Sadeghian v. Jaco, 2020 Tex. App. W.L. 400172; LEXIS 670 (Tex. App.—Dallas 2020) (mem. op.)
DTPA Allows Debt Cancellation in addition to Money Damages: Khosrow Sadeghian rented and then sold a house worth approximately $30,000.00 to David Jaco. In exchange, he took a $10,000 down payment and a real estate lien note, deed of trust and vendor’s lien for $159,900, obligating Jaco to pay interest at 8.2% and 18% on matured but unpaid amounts.
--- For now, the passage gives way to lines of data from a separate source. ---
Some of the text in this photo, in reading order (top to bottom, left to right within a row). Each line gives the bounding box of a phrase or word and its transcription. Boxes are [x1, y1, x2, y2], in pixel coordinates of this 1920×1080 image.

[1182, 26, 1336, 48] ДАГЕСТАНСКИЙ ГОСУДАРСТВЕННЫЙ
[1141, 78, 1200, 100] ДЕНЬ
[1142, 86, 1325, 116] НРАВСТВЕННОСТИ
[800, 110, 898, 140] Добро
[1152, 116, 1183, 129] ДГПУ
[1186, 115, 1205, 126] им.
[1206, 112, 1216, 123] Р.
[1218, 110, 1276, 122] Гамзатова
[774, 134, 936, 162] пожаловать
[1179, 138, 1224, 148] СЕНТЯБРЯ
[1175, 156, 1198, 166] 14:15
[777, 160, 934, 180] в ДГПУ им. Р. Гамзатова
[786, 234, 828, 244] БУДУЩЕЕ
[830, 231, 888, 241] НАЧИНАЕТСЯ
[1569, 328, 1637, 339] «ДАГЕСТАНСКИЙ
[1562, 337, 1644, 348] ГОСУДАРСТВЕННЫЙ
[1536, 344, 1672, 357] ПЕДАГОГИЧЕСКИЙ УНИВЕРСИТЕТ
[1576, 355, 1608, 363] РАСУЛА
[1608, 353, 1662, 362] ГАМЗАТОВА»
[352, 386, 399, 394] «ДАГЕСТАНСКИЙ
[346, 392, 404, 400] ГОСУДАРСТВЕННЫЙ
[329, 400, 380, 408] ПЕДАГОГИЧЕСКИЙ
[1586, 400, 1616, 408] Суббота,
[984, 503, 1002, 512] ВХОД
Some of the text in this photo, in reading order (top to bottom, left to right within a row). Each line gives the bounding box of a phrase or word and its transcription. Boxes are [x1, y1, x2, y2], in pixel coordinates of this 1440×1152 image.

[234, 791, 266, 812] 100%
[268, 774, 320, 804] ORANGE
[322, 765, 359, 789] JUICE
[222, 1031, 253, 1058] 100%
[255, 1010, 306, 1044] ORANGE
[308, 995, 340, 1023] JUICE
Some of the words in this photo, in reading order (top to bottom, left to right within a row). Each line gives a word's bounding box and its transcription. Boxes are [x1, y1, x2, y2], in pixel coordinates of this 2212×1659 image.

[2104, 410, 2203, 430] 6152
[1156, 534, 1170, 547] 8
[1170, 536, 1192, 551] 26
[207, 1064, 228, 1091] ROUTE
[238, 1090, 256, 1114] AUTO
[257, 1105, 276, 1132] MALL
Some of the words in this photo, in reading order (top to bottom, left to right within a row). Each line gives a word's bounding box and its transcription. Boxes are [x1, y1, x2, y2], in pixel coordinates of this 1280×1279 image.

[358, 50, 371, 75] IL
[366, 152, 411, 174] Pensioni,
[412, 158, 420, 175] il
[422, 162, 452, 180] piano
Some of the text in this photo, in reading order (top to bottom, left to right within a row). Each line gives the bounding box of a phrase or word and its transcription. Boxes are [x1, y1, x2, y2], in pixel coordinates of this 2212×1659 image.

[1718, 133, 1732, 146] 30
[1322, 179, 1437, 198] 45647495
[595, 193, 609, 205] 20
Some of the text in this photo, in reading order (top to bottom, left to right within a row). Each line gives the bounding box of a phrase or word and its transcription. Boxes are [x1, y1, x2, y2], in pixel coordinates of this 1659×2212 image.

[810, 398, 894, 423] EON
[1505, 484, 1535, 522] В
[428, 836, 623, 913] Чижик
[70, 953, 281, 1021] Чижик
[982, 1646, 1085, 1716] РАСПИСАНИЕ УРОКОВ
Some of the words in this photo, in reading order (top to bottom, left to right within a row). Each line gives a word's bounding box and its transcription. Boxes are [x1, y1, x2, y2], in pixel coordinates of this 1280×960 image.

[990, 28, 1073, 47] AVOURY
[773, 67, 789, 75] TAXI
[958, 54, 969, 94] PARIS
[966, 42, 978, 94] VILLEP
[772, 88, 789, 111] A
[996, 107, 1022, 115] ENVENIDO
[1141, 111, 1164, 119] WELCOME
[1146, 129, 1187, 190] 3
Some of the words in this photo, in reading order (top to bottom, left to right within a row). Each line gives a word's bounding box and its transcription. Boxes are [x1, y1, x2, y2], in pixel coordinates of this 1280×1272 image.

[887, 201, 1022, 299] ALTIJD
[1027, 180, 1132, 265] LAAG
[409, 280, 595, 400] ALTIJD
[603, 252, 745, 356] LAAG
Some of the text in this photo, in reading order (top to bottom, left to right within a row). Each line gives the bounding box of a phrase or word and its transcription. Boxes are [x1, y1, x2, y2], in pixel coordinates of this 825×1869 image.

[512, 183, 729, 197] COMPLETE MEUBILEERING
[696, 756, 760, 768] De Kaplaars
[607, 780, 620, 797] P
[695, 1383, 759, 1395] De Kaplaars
Sadeghian told Jaco he would have the special warranty deed with vendor’s lien recorded at “the title office” and then send it to him later. Sadeghian did not record the deed nor return it to Jaco. Instead, he executed another deed, conveying the house to his personal real estate trust. That deed was not recorded until three years later, one day after the receipt of the DTPA notice letter from Jaco’s counsel. The jury found that Sadeghian engaged in an unconscionable course of action under the DTPA and awarded Jaco $60,000.00 in economic damages and $500,000.00 in additional damages for knowing and intentional conduct. The trial court entered judgment for Jaco awarding him treble damages of $181,800.00, attorneys’ fees and prejudgment interest. The trial court also voided the promissory note, deed of trust and vendor’s lien. Sadeghian appealed, claiming that the DTPA did not allow declaratory relief in addition to an award of damages. Held: Affirmed. The DTPA expressly provides a number of remedies, including “any other relief which the court deems proper.” Sadeghian’s argument to the contrary simply ignores this express language of DTPA § 17.50(b)(4). Jaco was not required to elect between those remedies.